I came to Johns Hopkins because I was looking to do a master’s in cognitive science in order to try out research before committing to a full PhD. Given the reputation of the school, it was a no brainer for me once I was accepted.
Faculty mentors and research
Working with Mick Bonner was fantastic. He was a newer professor at the time and had lots of ideas and enthusiasm. I was also lucky to join at a time where the research directions of the Cognitive Science and Deep Learning Group lab were still in flux, and I was able to drive them given my own interests. The most rewarding part of the whole experience was when I was finishing up a project near the end of my masters and we made an accidental new discovery about the dimensionality of neural representations. It was so exciting that I actually came back to work on it after my masters as a full-time researcher, and it ended up blooming into one of Mick and the lab’s primary research interests.
Collaboration and new findings
I finished my master’s in August 2020, and started teaching at an online data science bootcamp during the pandemic. During that time, Mick and I were still working on submitting a paper on some work I did during my Master’s. When working on the paper, we stumbled across a new result that was more general and had potentially more significant implications for cognitive science and AI.
We wanted to find more time to develop this result, so we planned a one-year research assistantship back in his lab. We achieved our primary goal: develop our new preliminary finding on the high-dimensional structure of visual representations, and finish the academic year with a manuscript centered around this work. It took a couple more years to get it published in a journal, but the bulk of the research and writing was done during this productive one-year return to JHU.

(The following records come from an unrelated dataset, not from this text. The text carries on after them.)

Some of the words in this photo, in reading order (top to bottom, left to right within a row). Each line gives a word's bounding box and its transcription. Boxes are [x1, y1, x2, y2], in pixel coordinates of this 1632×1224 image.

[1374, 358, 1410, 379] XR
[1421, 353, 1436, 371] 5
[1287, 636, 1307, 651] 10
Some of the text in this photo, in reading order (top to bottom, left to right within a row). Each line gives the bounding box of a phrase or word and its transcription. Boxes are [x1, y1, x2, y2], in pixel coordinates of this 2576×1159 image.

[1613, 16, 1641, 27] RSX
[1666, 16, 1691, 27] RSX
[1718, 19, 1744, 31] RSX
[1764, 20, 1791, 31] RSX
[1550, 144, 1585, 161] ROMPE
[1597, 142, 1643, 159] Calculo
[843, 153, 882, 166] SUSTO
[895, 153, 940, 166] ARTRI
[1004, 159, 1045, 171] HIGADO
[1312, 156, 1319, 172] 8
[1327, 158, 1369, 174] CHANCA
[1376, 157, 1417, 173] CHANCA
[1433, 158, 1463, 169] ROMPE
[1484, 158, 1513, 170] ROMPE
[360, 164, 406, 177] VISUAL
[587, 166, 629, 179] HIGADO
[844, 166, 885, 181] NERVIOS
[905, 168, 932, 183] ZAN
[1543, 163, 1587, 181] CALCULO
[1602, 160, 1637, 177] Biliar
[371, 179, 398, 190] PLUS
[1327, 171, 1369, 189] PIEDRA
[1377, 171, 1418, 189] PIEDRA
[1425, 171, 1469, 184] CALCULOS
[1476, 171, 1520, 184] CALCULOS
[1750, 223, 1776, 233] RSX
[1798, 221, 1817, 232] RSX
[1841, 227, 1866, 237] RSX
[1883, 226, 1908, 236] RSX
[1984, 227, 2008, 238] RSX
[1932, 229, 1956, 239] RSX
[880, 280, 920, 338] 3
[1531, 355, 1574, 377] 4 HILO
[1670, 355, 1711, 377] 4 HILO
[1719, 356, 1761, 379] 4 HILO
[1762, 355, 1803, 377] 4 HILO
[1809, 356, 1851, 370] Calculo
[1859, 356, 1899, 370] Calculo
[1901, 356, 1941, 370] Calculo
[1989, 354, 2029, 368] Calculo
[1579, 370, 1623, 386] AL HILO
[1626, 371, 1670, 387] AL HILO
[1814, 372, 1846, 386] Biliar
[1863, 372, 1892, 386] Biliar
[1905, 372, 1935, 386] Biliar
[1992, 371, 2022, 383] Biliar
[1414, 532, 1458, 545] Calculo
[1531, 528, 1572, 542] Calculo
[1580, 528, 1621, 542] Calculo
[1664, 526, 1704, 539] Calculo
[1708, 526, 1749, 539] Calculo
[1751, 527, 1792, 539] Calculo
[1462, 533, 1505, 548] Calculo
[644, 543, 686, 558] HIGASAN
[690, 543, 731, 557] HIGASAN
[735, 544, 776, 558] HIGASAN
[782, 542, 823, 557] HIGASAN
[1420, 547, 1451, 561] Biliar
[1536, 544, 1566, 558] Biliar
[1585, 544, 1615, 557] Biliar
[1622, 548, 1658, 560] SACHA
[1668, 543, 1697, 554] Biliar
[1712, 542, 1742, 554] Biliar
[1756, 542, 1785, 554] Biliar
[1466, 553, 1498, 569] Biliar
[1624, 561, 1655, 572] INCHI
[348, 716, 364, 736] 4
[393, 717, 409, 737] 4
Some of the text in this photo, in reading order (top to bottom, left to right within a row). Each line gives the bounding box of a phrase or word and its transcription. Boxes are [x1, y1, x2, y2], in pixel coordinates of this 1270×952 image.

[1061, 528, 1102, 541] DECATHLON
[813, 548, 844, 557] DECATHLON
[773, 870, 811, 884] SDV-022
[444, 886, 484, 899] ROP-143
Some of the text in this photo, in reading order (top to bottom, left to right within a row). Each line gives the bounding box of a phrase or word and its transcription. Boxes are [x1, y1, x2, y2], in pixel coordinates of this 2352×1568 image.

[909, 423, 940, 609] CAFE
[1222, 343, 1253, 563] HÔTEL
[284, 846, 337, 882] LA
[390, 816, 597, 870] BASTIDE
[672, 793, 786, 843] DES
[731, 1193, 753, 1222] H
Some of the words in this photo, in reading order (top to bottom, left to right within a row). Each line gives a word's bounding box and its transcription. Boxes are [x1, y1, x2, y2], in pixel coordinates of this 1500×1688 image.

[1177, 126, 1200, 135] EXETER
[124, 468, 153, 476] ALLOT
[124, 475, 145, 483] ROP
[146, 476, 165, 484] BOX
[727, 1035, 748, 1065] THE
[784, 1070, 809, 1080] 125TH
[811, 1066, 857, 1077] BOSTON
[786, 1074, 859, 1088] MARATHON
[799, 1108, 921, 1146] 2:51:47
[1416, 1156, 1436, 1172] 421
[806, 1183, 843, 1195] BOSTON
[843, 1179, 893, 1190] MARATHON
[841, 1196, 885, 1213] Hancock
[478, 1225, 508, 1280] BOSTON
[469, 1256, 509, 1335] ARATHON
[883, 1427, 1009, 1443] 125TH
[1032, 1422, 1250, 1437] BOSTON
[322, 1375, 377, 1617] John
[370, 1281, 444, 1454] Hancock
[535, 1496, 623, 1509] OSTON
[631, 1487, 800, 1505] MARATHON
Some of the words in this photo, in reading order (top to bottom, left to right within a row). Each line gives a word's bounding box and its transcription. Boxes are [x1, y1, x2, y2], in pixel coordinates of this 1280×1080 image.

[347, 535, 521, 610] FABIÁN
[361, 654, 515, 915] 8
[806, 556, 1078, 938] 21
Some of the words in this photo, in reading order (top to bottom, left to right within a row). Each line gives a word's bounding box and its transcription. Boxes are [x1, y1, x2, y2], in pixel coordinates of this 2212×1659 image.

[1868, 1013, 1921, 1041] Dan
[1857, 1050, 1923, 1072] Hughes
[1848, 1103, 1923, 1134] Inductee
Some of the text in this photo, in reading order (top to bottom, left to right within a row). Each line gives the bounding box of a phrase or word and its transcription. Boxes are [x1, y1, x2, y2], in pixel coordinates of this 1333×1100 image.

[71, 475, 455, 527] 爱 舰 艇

During that time, I also got the chance to meet new lab members, collaborate with them on their projects, and work on some programming libraries with them for the cognitive science community.
Diversity of experiences
I had never done research prior to starting the master’s program, so it really was like stepping into the unknown. But in a year, I was shocked with how much I could learn. Looking back I did so much; research for the first time, graduate seminar courses, many class projects, and more. But I think my favourite aspect of the program was the sheer diversity of experiences I got. I was drawn to cognitive science because it blends so many different disciplines, from computer science to neuroscience, psychology, and linguistics. Outside of computer science, I knew little about any of these, but after a year I felt like I had excellent foundations in all of them.
Current AI research at MILA
At Mila – Quebec Artificial Intelligence Institute, I study models of high-level conscious cognition with an information complexity spin. In particular, I study the hypothesis that conscious cognition (e.g., thoughts) are compositional in nature: we form new conscious representations by building on top of existing ones. Part of this involves formally defining and quantifying what we mean by “compositional” information or representations, which has been one of my main focuses.
I now have a theory of compositionality that I think has big implications for AI, especially in regards to how an agent should structure their life experience in order to build a curriculum of data that enables the open-ended growth of compositional models.
Working with Paradigms of Intelligence
I’m also a part-time student researcher with Google on the Paradigms of Intelligence team. I work on a subteam that aims to build models that unify action (agency) with predictive sequence models. This relates to my projects at Mila, since the question is how to interact with the world as an agent in such a way that your predictive model of the world ends up being accurate (ie how to build a curriculum that collects good data).
I’m also working with another subteam there that studies a new theory of evolution that is deeply rooted in compositional structure, which again pairs nicely with my Mila work. I ended up getting involved with them because a number of professors at Mila, including one of my supervisors Guillaume Lajoie, have strong academic connections with members of the Google team.
While balancing both of my jobs is challenging at times, the Paradigms of Intelligence team works on exciting and forward-thinking projects that resemble the kind of ambitious work one finds in academia, so my roles actually blend more into each other than I would have expected!